Future proofed design enables windows to open (at ground floor level), when security might not be such a prominent issue. Night ventilation controls are included in the BMS, but can be overridden by the operator in case of security concerns.
Ventilation Vents - Can be closed in winter to retain heat. Vents also work during the night for a night purging (without incurring a security problem). The size and detailing of the holes was refined to support passive ventilation and also stop light spilling out.
Low Energy Light Fittings - Specified throughout the building, coupled with appropriate lighting controls, daylight linked wherever possible.
3D Modeling of the services - used to prevent clashes and allow a very compact design (which was therefore also cheaper).
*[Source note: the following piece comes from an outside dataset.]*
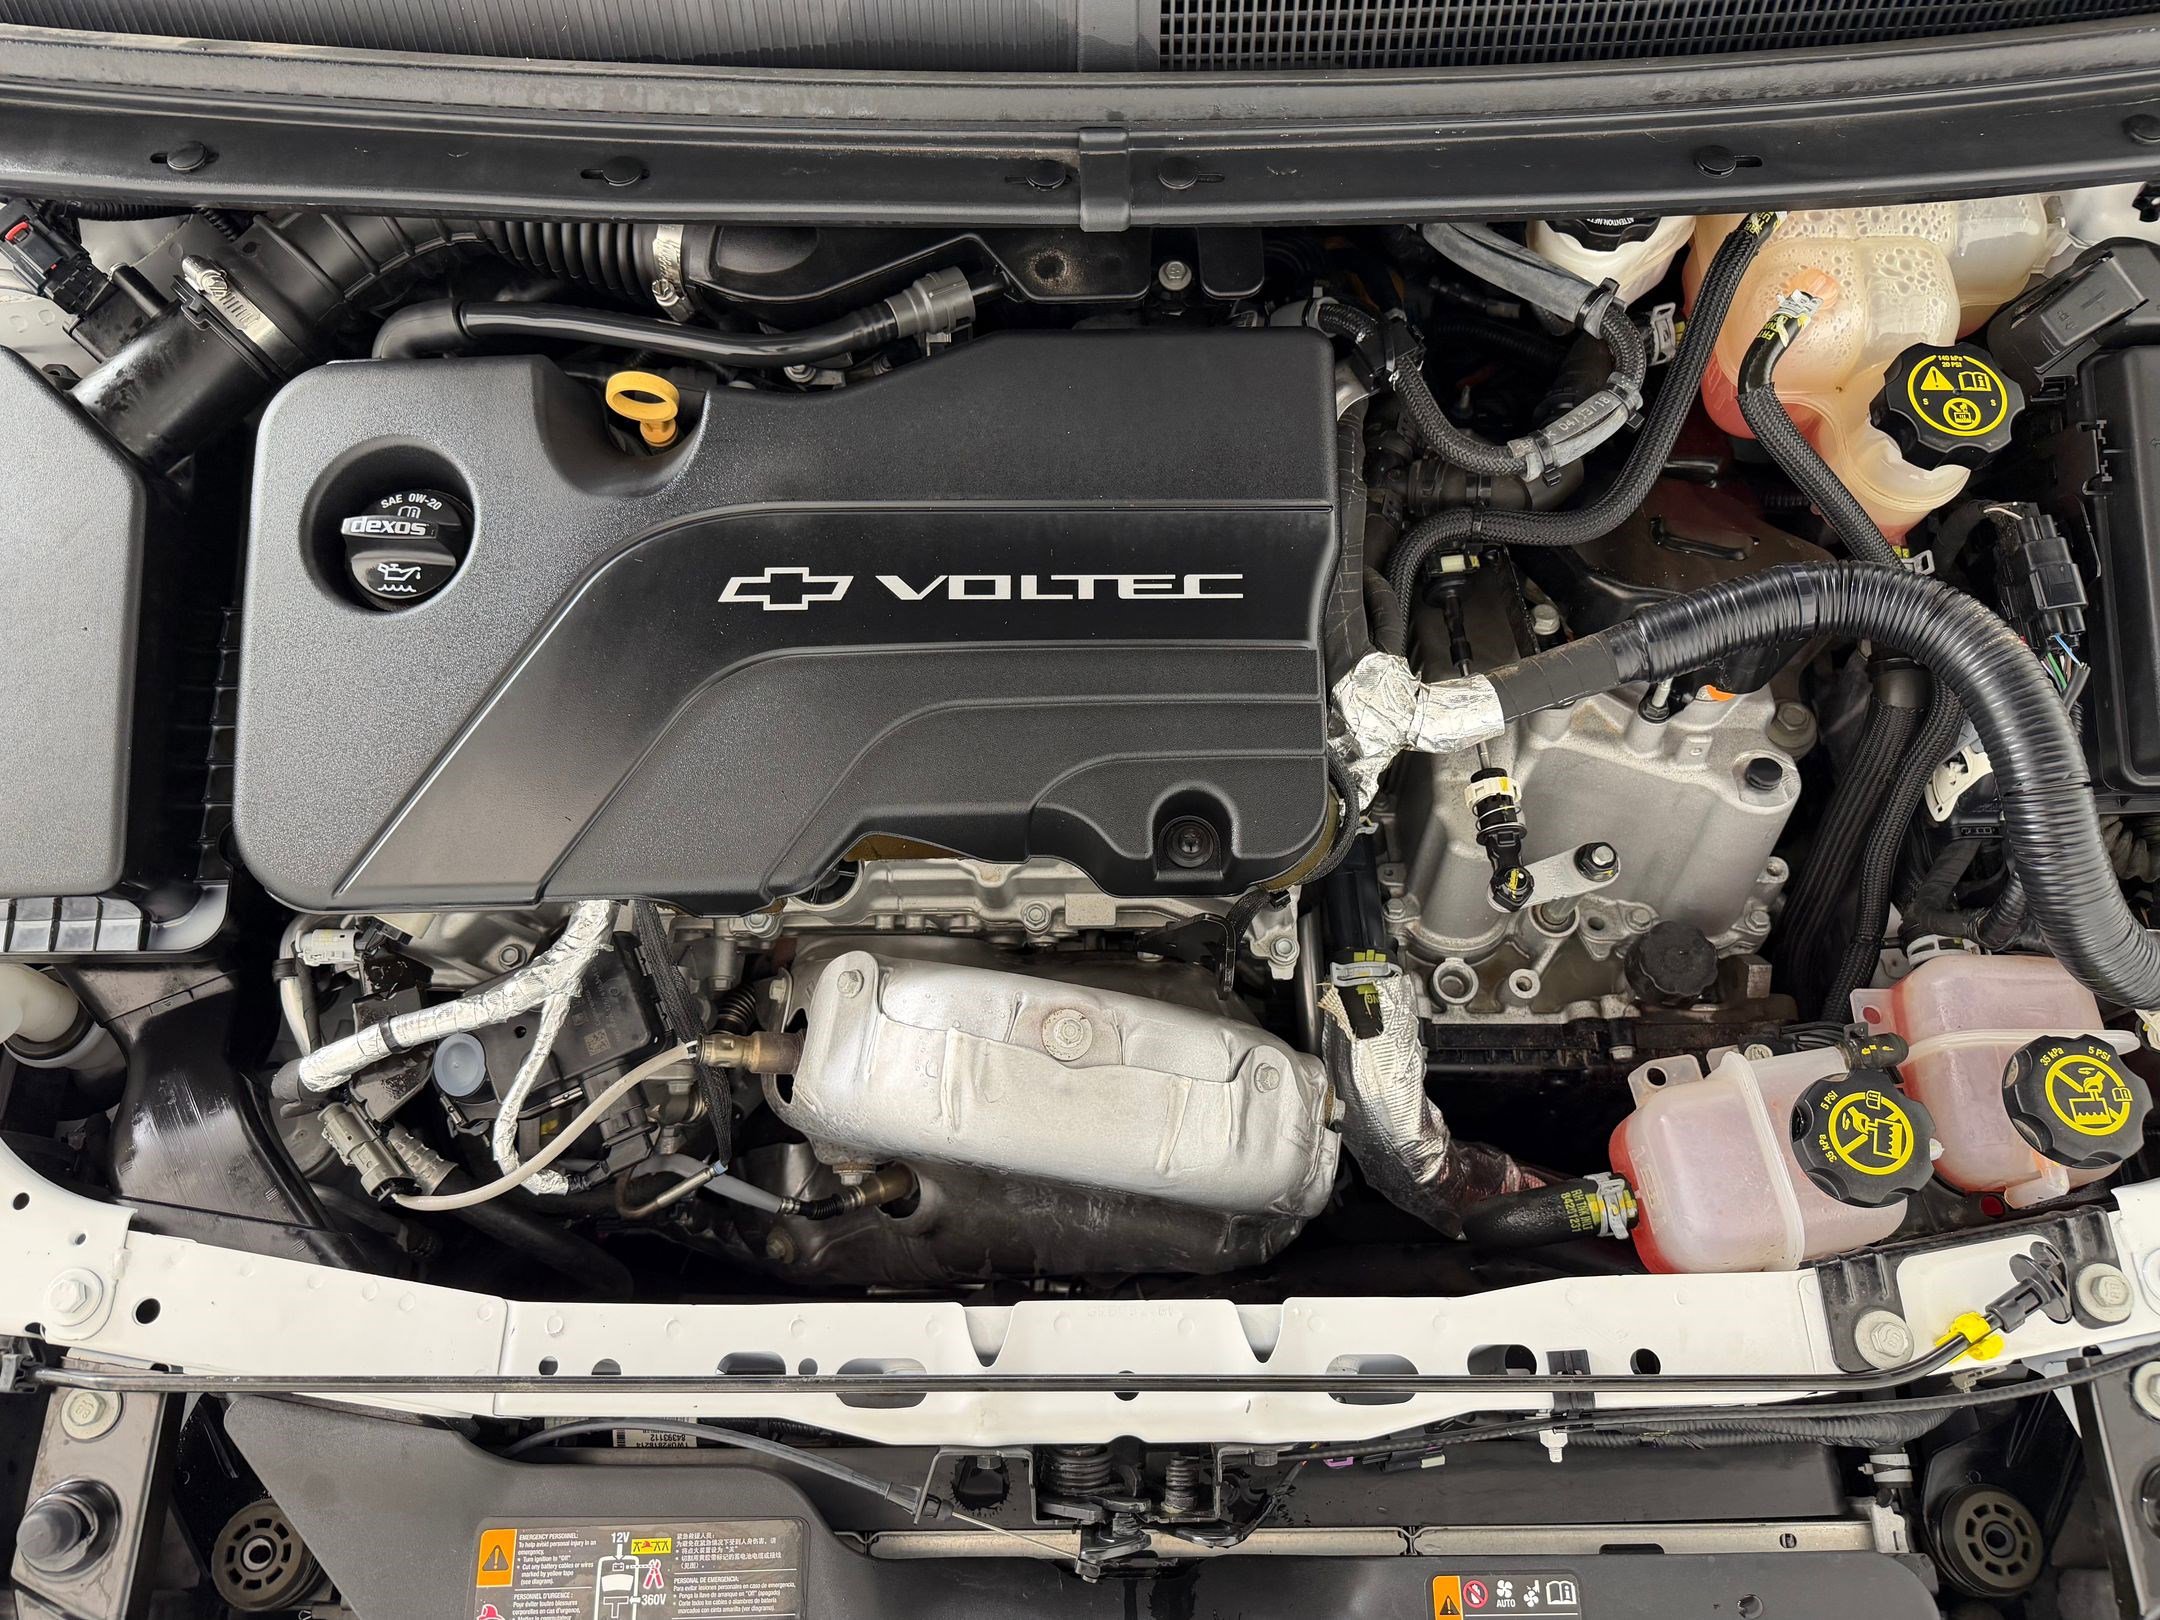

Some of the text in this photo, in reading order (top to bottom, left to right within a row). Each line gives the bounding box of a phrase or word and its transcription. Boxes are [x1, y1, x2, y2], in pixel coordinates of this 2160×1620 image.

The Velodrome demonstrates best practice in low carbon design, particularly in an elite sporting complex. Although there are many individual elements that contribute to this, it is the successful integration of these solutions that creates the biggest win. Undoubtedly the most important contributor was the early decision to instil a culture of interdisciplinary working within the Design team.
This type of working not only requires strong leadership, openness and flexibility, but also needs to have systems and tools in place, such as 3D modeling which allow the team to optimize the design and check their assumptions at each state of the design process.
The interdisciplinary approach and passive design principals have not only resulted in a low carbon footprint and reduced energy bills for the Legacy owner, but also informed an elegant design which has recently been shortlisted for the prestigious RIBA Stirling Prize.